(Provided entries begins)

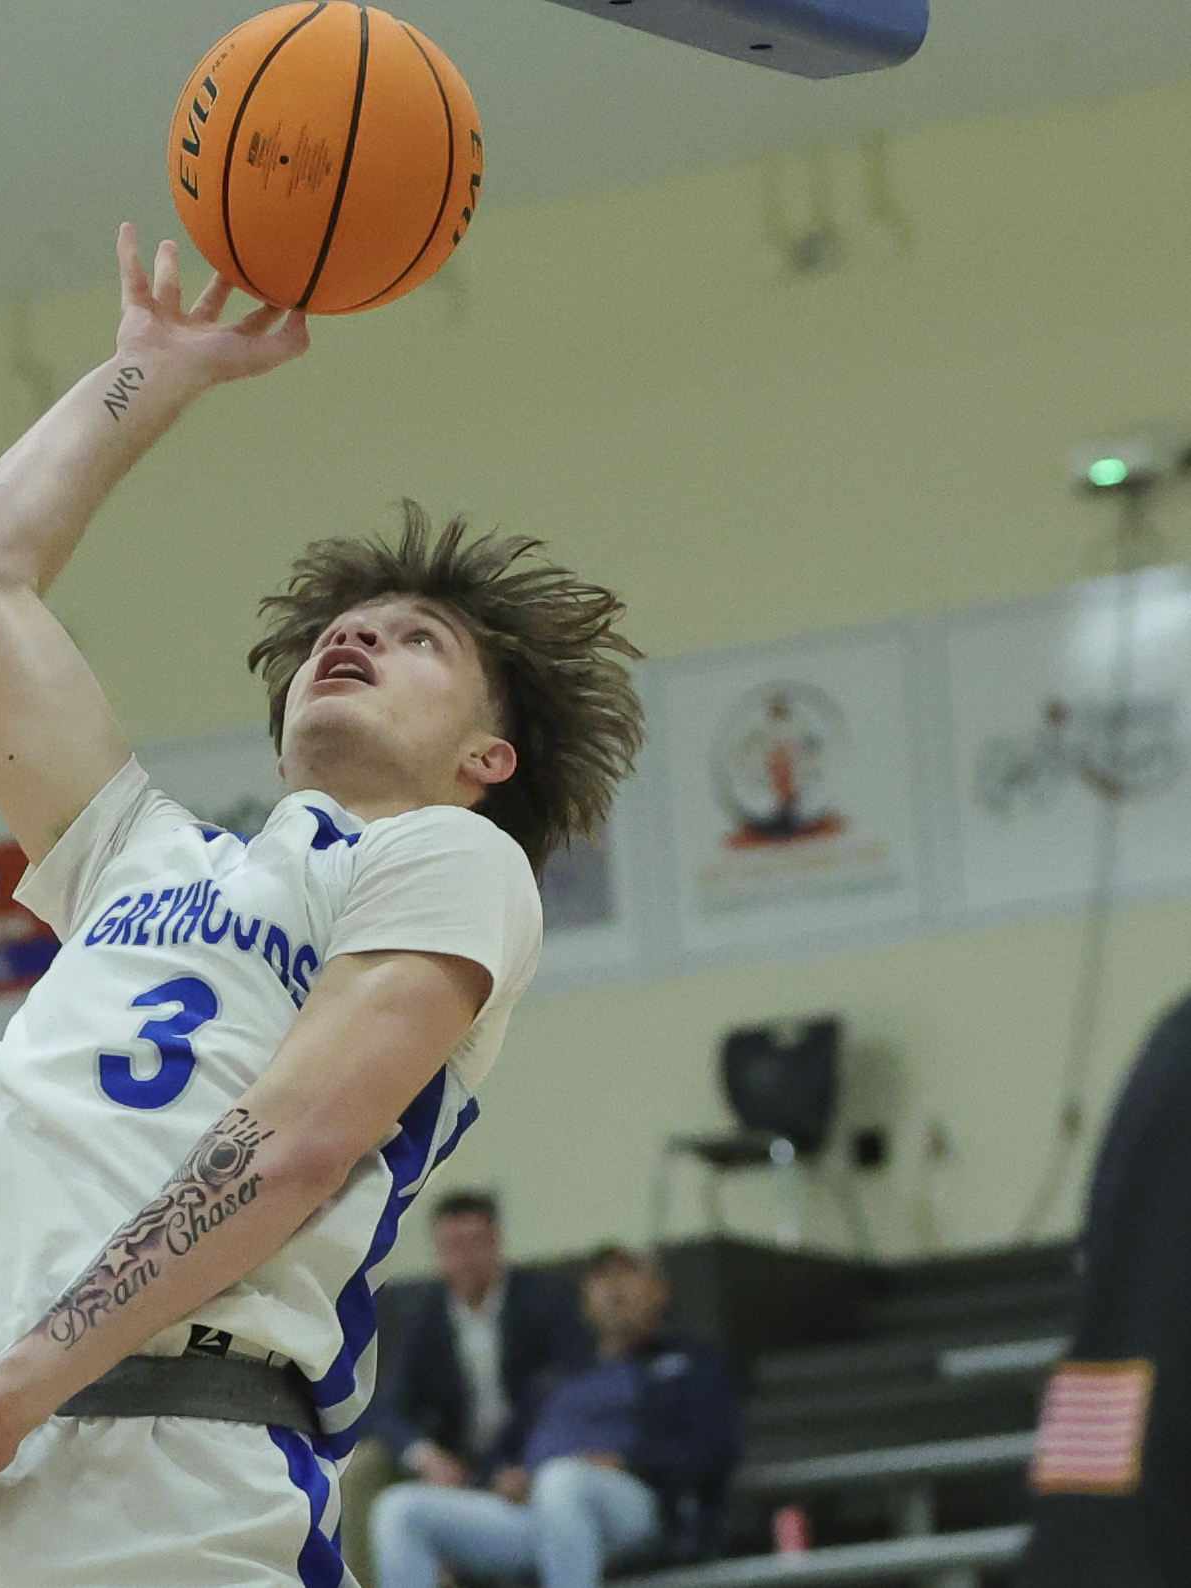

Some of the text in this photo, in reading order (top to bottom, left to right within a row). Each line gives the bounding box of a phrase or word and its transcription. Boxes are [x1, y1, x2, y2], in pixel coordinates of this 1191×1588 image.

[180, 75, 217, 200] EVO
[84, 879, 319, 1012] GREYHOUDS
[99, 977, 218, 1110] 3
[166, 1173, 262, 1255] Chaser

(Provided entries ends)

Give the entries above again, exactly as written and free of images.

Some of the text in this photo, in reading order (top to bottom, left to right within a row). Each line gives the bounding box of a phrase or word and its transcription. Boxes are [x1, y1, x2, y2], in pixel coordinates of this 1191×1588 image.

[180, 75, 217, 200] EVO
[84, 879, 319, 1012] GREYHOUDS
[99, 977, 218, 1110] 3
[166, 1173, 262, 1255] Chaser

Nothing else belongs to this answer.